Welcome to Chemistry Connections, my name is Tejas and I am your host for episode #13 called The Chemistry of Acid Rain. Today we will be discussing the causes and effects of acid rain and the chemistry behind it. 

Segment 1: Introduction to The Chemistry of Acid Rain

If you’ve studied chemistry, and even if you haven’t, you might have heard of the term pH. A pH of 7 means the solution is neutral, a pH over 7 means a solution is basic, and a pH under 7 means that a solution is acidic. So, from the words acid rain, you might guess that it means rain that has a pH much lower than 7, and you’d be right — that’s exactly what acid rain is. But how does it form? 

Acid rain is formed when sulfur dioxide and nitric oxides (NOx for short) react with water in the atmosphere to form acids. Then, the sulfuric and nitric acids that were formed fall to the ground mixed with water in a process called wet deposition. This is what you probably think of when you hear the words acid rain, but acid rain also includes dry deposition. This is when acids don’t have the moisture to come down as rain, and instead attach to surfaces and form even larger acidic properties. Then, the next time it rains, these particles get washed into the water and travel through the ground, damaging plants and animals and potentially entering lakes or rivers. 

While acid rain is a natural phenomenon, as natural sources such as volcanoes also emit Nox and sulfur dioxide. However, most of the time, the problem is man-made. Two thirds of SO2 and one fourth of NOx in the atmosphere come from electric power generators, which burn fossil fuels to generate electricity. Cars and other vehicles also emit these gases, and so do oil refineries and other pieces of equipment used in the manufacturing industry. 

Because acid rain can harm humans and kill wildlife, it’s important to understand the chemistry behind it. Once we understand the causes of acid rain and why it occurs, we can start trying to limit the amount of sulfur dioxide and NOx we put into the air. 

Segment 2: The Chemistry Behind Acid Rain

Sulfur dioxide and nitric oxides are produced by the combustion of fossil fuels. When these gases rise up into the atmosphere, they can react in a few different ways to produce acids. 

Two molecules of sulphur dioxide can react with diatomic oxygen gas to produce two molecules of sulfur trioxide. Then, each of those sulfur trioxide molecules reacts with liquid water from cloud droplets to produce H2SO4, or sulphuric acid. This is the acid that then falls to the ground with water as acid rain.

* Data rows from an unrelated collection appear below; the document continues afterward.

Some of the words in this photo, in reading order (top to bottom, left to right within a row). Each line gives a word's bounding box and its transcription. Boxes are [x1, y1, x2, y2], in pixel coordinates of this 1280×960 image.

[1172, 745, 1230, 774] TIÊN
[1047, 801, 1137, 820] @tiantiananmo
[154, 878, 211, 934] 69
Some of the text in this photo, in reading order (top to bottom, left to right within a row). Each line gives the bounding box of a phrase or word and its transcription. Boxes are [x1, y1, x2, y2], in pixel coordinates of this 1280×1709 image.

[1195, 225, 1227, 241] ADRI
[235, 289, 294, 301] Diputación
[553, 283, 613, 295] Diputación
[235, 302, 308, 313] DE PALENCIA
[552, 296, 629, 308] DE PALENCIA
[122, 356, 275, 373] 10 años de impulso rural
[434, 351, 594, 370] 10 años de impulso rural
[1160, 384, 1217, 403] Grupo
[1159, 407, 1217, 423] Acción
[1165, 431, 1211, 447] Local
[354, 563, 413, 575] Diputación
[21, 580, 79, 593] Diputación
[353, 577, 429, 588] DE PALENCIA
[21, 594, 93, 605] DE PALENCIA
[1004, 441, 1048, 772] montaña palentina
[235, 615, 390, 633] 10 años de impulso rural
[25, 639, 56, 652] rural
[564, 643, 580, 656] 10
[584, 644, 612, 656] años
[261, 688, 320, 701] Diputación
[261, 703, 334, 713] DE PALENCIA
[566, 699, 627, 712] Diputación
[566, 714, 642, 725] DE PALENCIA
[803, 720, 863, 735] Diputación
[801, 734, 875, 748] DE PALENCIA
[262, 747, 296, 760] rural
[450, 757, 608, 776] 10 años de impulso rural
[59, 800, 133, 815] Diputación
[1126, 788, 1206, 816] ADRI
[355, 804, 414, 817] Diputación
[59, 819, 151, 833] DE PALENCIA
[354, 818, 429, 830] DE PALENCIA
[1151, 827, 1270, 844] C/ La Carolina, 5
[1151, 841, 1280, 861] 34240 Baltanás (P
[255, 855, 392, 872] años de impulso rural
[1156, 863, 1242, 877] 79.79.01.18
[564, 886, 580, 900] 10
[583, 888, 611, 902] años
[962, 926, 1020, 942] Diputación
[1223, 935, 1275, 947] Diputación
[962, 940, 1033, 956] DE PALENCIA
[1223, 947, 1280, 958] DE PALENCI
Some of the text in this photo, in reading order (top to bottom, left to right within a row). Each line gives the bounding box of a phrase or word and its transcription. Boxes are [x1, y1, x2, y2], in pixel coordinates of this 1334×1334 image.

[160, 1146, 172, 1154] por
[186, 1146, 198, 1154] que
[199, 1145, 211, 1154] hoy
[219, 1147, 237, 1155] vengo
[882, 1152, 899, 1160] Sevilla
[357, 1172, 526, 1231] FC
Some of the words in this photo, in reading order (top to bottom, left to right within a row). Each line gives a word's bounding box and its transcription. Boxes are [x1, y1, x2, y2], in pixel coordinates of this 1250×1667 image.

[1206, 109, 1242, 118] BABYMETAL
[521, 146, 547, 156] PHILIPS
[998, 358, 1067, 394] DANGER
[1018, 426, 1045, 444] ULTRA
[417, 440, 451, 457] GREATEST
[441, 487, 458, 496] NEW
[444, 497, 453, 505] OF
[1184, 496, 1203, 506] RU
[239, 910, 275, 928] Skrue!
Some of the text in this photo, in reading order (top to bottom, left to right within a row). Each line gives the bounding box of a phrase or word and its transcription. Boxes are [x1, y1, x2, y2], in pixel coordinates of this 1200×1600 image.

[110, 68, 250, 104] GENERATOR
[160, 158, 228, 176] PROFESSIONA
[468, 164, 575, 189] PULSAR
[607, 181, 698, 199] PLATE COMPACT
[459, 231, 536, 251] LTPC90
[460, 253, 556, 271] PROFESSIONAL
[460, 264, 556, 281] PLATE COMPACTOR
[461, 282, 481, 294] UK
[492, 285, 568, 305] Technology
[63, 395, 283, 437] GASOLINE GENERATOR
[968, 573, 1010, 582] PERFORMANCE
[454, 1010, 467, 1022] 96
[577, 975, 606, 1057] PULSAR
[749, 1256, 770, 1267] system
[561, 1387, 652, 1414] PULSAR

Alternatively, 2 molecules of nitrogen monoxide can react with diatomic oxygen gas to produce two molecules of nitrogen dioxide. Then, those two molecules react with water to produce nitric acid, HNO3, and nitrous acid, HNO2. 

So we have these three end products, H2SO4, HNO3, and HNO2. What makes these acids? According to the Bronsted-Lowry theory, any compound that can transfer a proton, or an H+ ion, to another compound is an acid. As you can see from the makeup of these products, they all have hydrogen atoms ready to be given away. However, two of these products are more important than the other. These are nitric acid and sulfuric acid. Both of these are strong acids; this means they are more stable when they have donated an H+ ion. Strong acids dissociate fully to completion, so when nitric acid and sulfuric acid dissolve in water, they donate an H+ ion to H20 to form large amounts of H30+. This is important because H30+ is what makes things acidic; therefore, when nitric acid and sulfuric acid dissolve in water, they produce highly acidic solutions. This is what makes up acid rain and makes it dangerous. 

Now that we’ve talked about how acid rain forms and why the emission of sulfur dioxide and NOx produce highly acidic solutions, we should talk about how this acidity is measured. This goes back to the beginning of our podcast when I mentioned pH — a pH of 7 is neutral, over 7 is basic, and under 7 is acidic. But what exactly is pH? Well, a pH is an easy way to understand exactly how much H30+ is in a solution. To find pH, you take the negative log of the concentration of hydronium in the solution. The higher the concentration of H3O+, the more acidic the solution and the lower the pH. As we just learned, acid rain is formed when the strong acids nitric acid and sulfuric acid dissolve in water. This means that acid rain has a very low pH. More specifically, any precipitation with a pH lower than 5.6 is classified as acid rain. 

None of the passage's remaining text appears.